We report on a family with two male siblings (age 2 2/12 years and 9 month) suffering from connatal hydrocephalus.

Hydrocephalus was diagnosed at gestational age of 21 weeks in both pregnancies. The first patient was delivered at 35 weeks by cesarean section because of progressive ventricular dilatation, which was shunted within the first week. Further symptoms include adducted thumbs and severe mental and motor retardation with spastic cerebral palsy after initial muscular hypotonia. MRI revealed hypoplasia of corpus callosum, thickened interthalamic junction, reduced white matter and aqueductal agenesis. His brother was delivered by cesarean section at 37 weeks for the same reason and shunted the next day. Additional symptoms include adducted thumbs and delayed motor development.

Genetics: X-linked hydrocephalus was suspected. Screening of the L1CAM-gene on chromosome Xq28 showed a novel mutation at position c.3004G>T on the X-chromosome in both boys and heterocygous in the clinically unaffected mother.

Discussion: The L1CAM-gene codes for a neural cell adhesion molecule.

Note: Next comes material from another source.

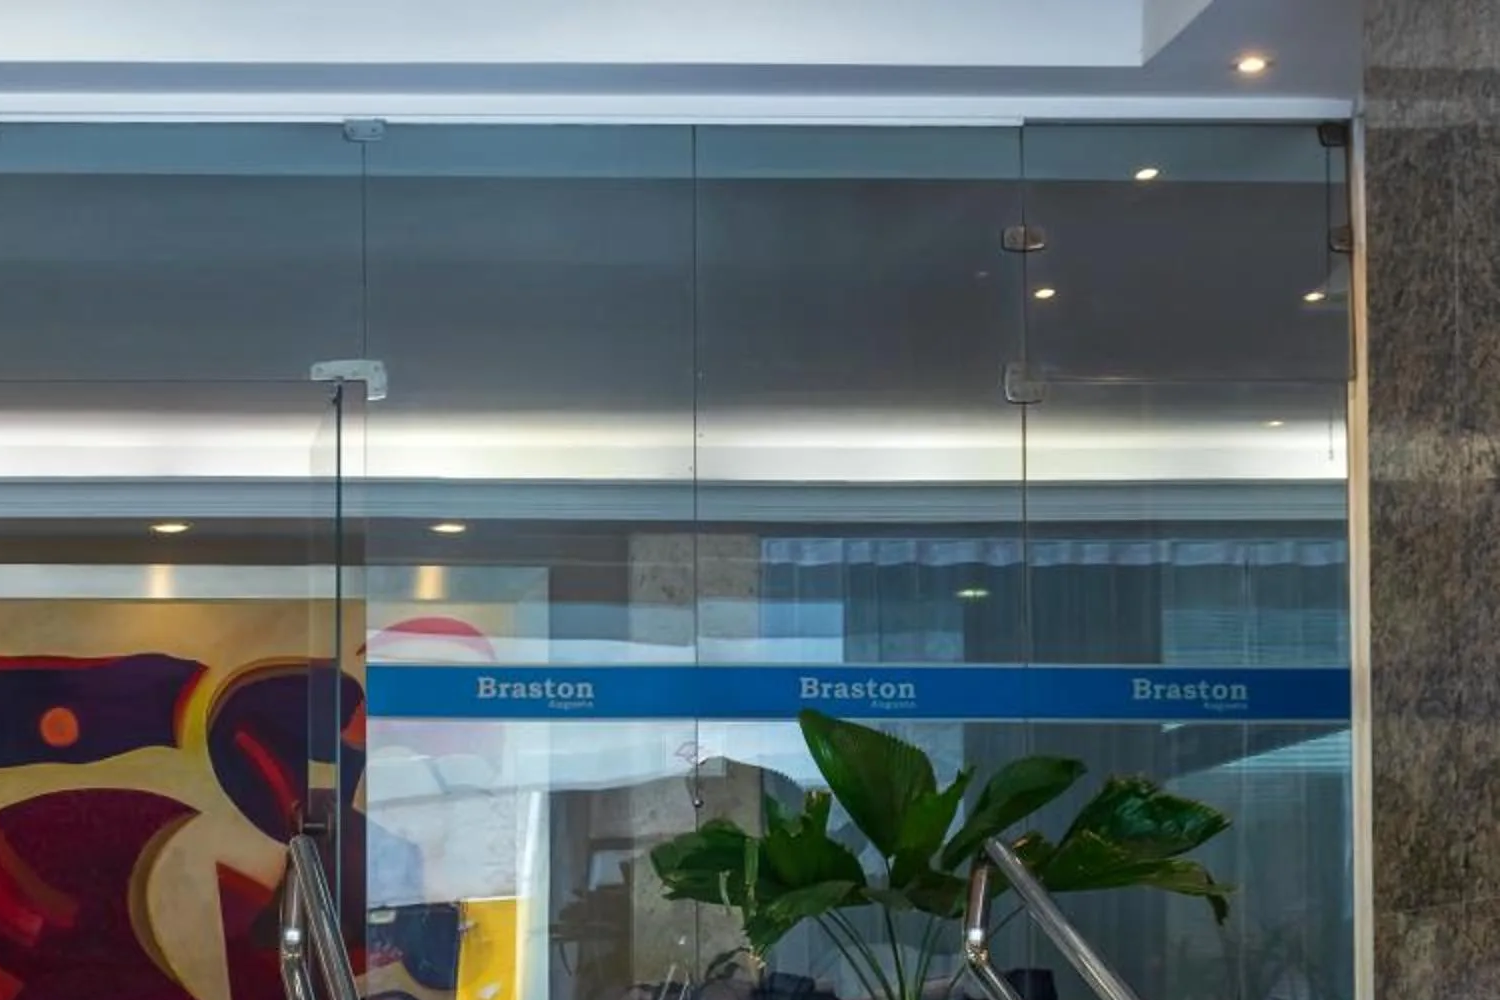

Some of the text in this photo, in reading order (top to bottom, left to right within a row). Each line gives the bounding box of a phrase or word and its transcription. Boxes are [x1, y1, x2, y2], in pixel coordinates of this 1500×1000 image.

The transmembrane glycoprotein belongs to the Ig-superfamily and plays an important role in neuronal migration and neurite outgrowth. Mutations can cause a spectrum of diseases: X-linked hydrocephalus due to aqueductal stenosis, MASA-syndrome (mental retardation, aphasia, shuffling gait, adducted thumbs), X-linked spastic paraplegia. These „syndromes“ represent a spectrum of symptoms due to L1CAM-Mutations and can vary even within a pedigree. As in our family, most mutations reported are point mutations leading to missense, nonsense or splice site alterations of the gene.